Don't know about golf carts, but wagon type thing where several could ride would be nice. Walking a mile and more in heat, take 4 $%@#%%^ hours to shoot 20 targets and then walking a mile or more back to the main center is BS and then do it all over again the next day.... Granted, big national events have many ranges and have to have them spread out, but dang.... 

And then, I'm use to local clubs where you can start shooting right off the end of the practice range, 15 yards, and longest walk to the first target might be 100 yards. Heck of difference between 100 yards and one mile.


----------



## mag41vance (Mar 13, 2008)

Perhaps you should just shoot indoor venues. 

I think the following should be banned(from anything) if you are able bodied. 
Motorized Golf Carts
four Wheeler's
motorized shopping carts
Passenger Elevators
Riding Lawn Mowers
Smart cars
Segway's
Erectile dis-function Commercials

(AND Being overweight doesn't qualify as a disability)


----------



## bsharkey (Apr 27, 2009)

nhns4 said:


> Lazy America.......


i always thought Michigan was like being in another country this proves it. lol
shoot ASA half the walking 10 times the fun :smile:


----------



## SonnyThomas (Sep 10, 2006)

EROS said:


> I think the ranges should provide Golf Carts to ride in between targets. We are not getting any younger.
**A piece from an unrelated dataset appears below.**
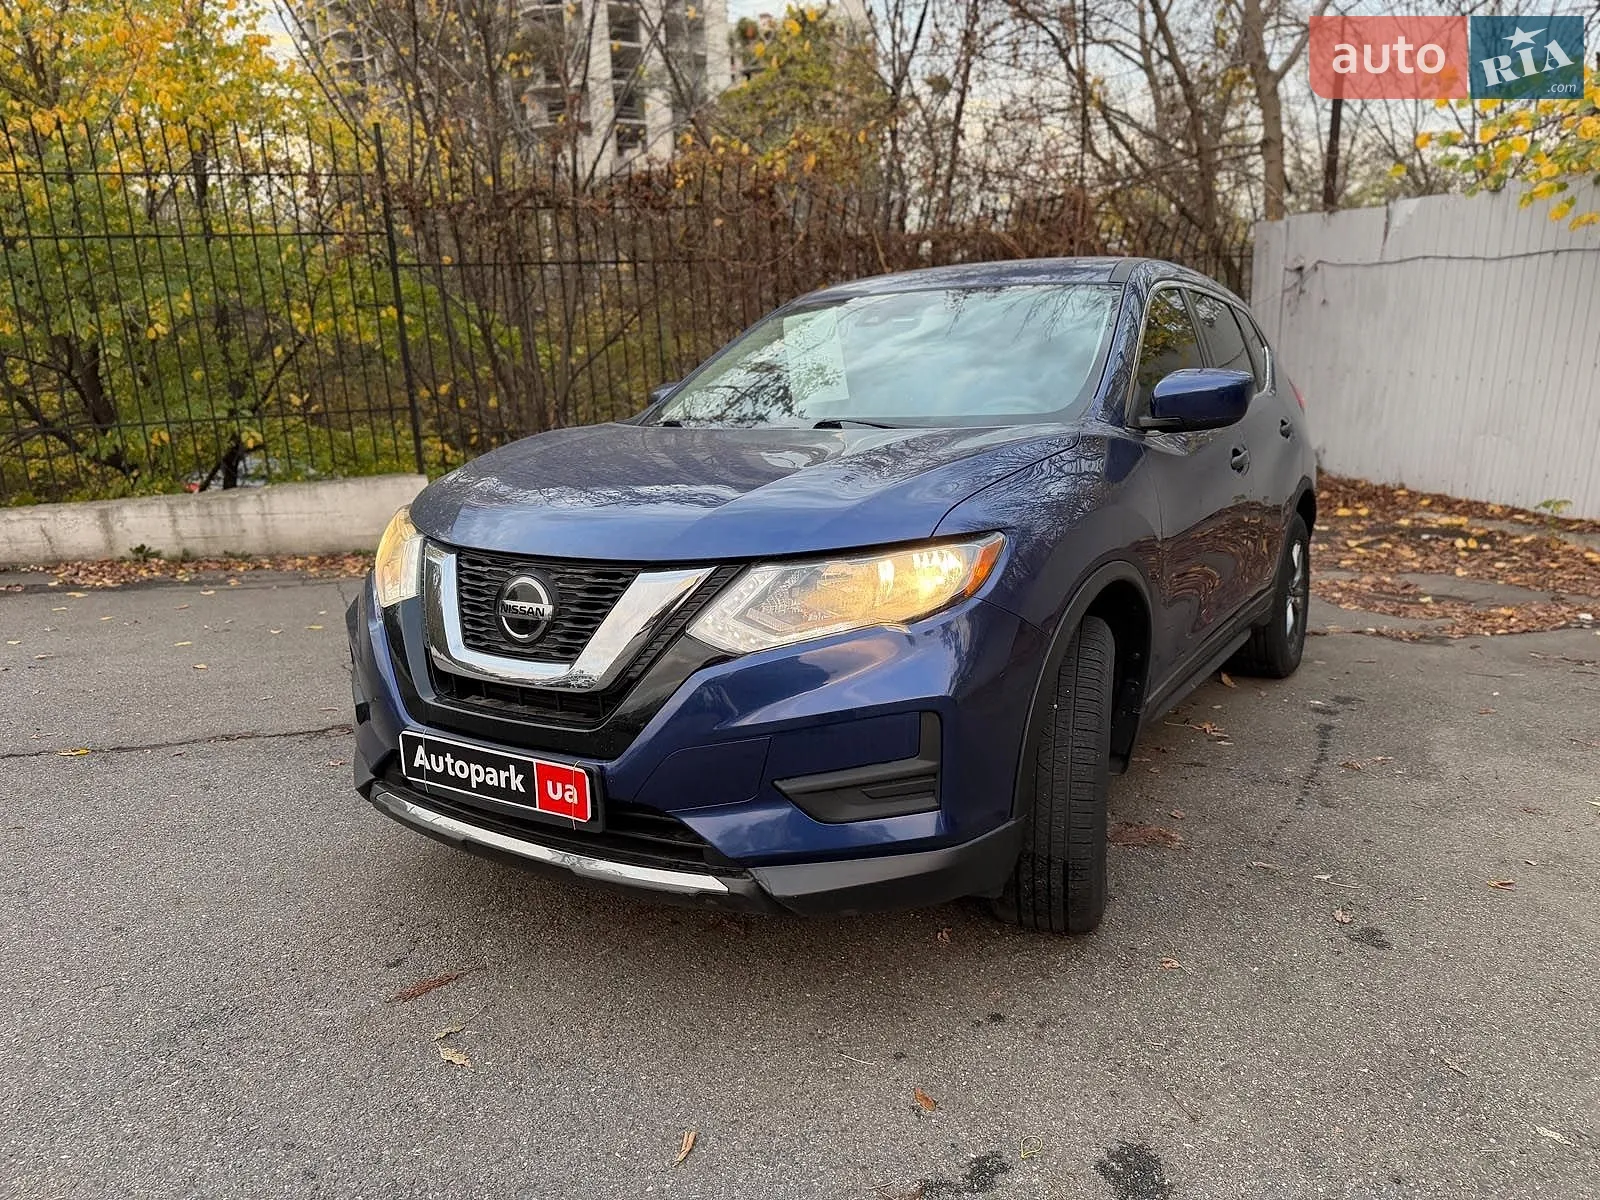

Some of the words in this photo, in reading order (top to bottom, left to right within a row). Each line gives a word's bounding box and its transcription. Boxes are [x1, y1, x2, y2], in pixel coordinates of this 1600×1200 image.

[500, 603, 545, 617] NISSAN
[413, 745, 526, 793] Autopark
[546, 779, 579, 804] ua
Between targets? I read that wrong. Now, that's kind of dumb...


----------



## jbeasleyshoot (Jan 29, 2008)

You could set it up like the golf course, you could rent a cart or bring your own have a food cart etc. It would be kinda cool to bring your wife and kids with ya and let em ride around and watch folks shoot. Idk but golf lots more popular than archery it may not hurt to steal some of there ideas


----------



## carlosii (Feb 25, 2007)

ramboarhunter said:


> Are any of you geezers going to supply the carts and clean the courses, build bridges, etc. so they can be used.
> I personnaly think if you cannot walk the course you need to take up fishing or floging.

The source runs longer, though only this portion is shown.